The government announced on Sunday, March 22, it has agreed to close its border with Uruguay in efforts to control the spread of COVID-19. The measure will remain in place for at least 30 days.
On Thursday, March 19, Brazilian President Jair Bolsonaro affirmed that the government would close the country's land borders with Argentina, Paraguay, Bolivia, Peru, Colombia, Suriname, Guyana, and French Guiana for two weeks to prevent the spread of COVID-19; Brazil had previously closed its border with Venezuela on Tuesday, March 17. The restrictions do not apply to Brazilian nationals or foreigners residing in the country, while trucks carrying essential goods and people on humanitarian missions will continue to be allowed entry. In addition, travelers from the EU, the UK, Iceland, Norway, Switzerland, China, Japan, South Korea, Australia, and Malaysia have been temporarily prohibited from entering Brazil.
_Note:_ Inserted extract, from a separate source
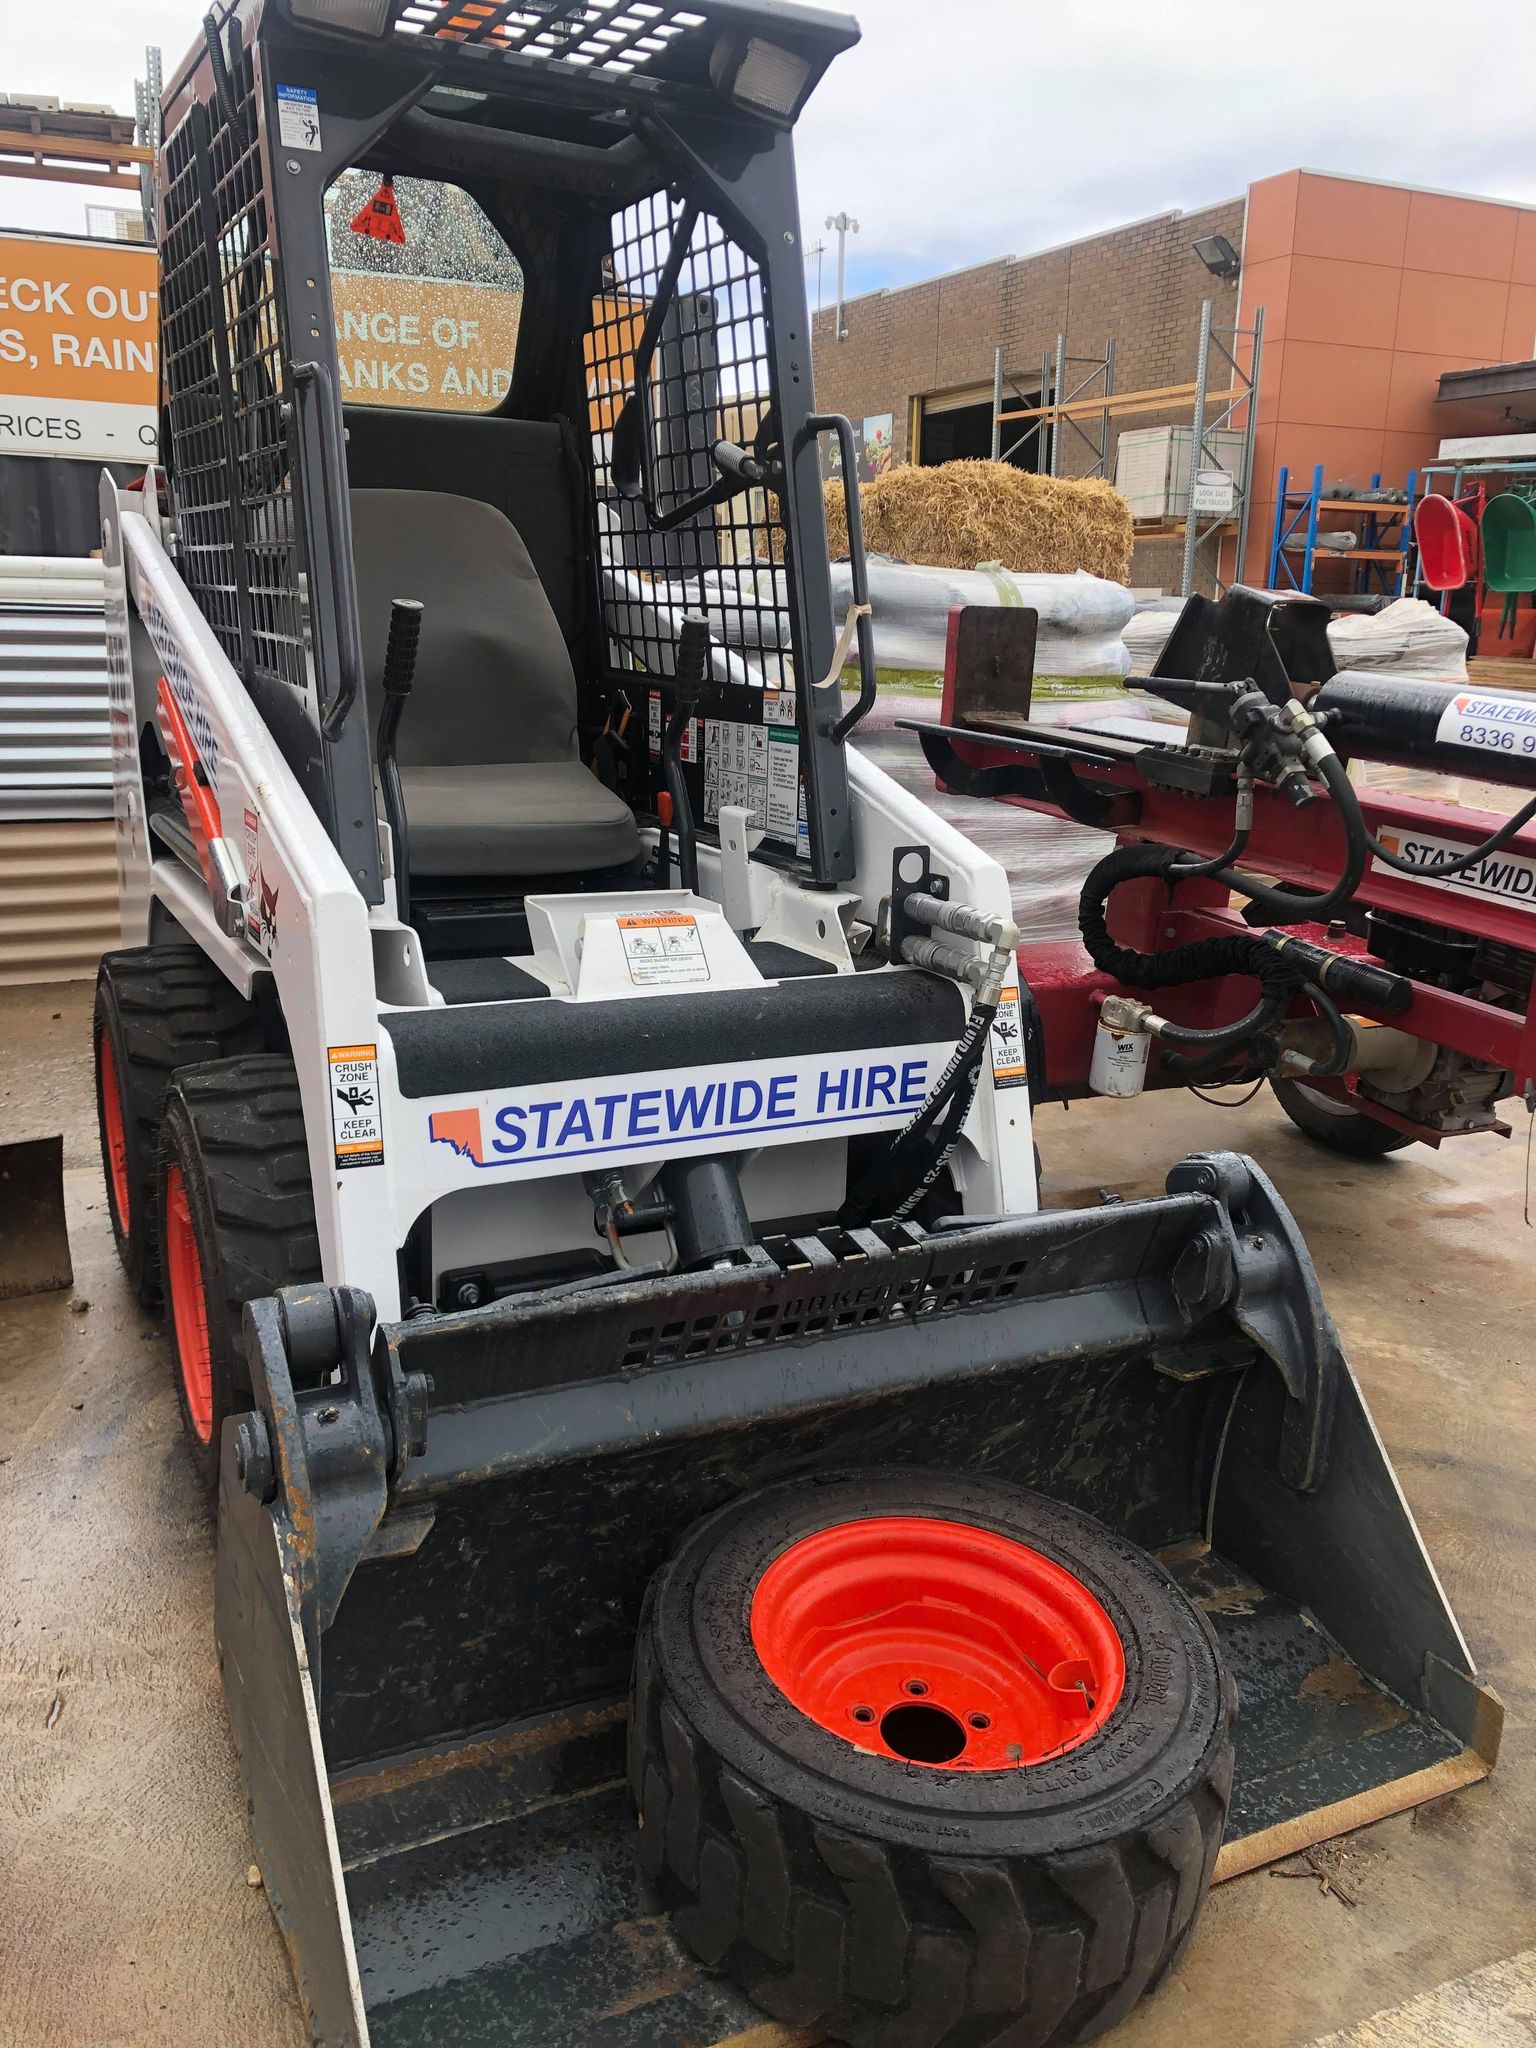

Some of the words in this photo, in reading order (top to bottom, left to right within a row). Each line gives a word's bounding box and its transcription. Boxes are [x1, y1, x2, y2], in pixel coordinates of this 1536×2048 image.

Further international spread of COVID-19 is expected over the near term.
The first case of COVID-19 was reported on December 31 and the source of the outbreak has been linked to a wet market in Wuhan (Hubei province, China). Human-to-human and patient-to-medical staff transmission of the virus have been confirmed. Many of the associated fatalities have been due to pneumonia caused by the virus.
Cases of the virus have been confirmed in numerous countries and territories worldwide. Virus-screening and quarantining measures are being implemented at airports worldwide, as well as extensive travel restrictions. On March 11, the World Health Organization (WHO) declared the global outbreak a pandemic.
Pneumonia symptoms include dry cough, chest pain, fever, and labored breathing. Pneumonia can be contagious and can be transmitted from human to human. The influenza virus, or the flu, is a common cause of viral pneumonia.
Measures adopted by local authorities evolve quickly and are usually effective immediately. Depending on the evolution of the outbreak in other countries, authorities are likely to modify, at very short notice, the list of countries whose travelers are subject to border control measures or entry restrictions upon their arrival to the territory in question. It is advised to postpone nonessential travel due to the risk that travelers may be refused entry or be subject to quarantine upon their arrival or during their stay.
To reduce the risk of transmission, travelers are advised to abide by the following measures:
- Frequently clean hands by applying an alcohol-based hand rub or washing with soap and water.
- When coughing and sneezing, cover mouth and nose with a flexed elbow or tissue; if used, throw the tissue away immediately and wash hands.
- If experiencing a fever, cough, difficulty breathing, or any other symptoms suggestive of respiratory illness, including pneumonia, call emergency services before going to the doctor or hospital to prevent the potential spread of the disease.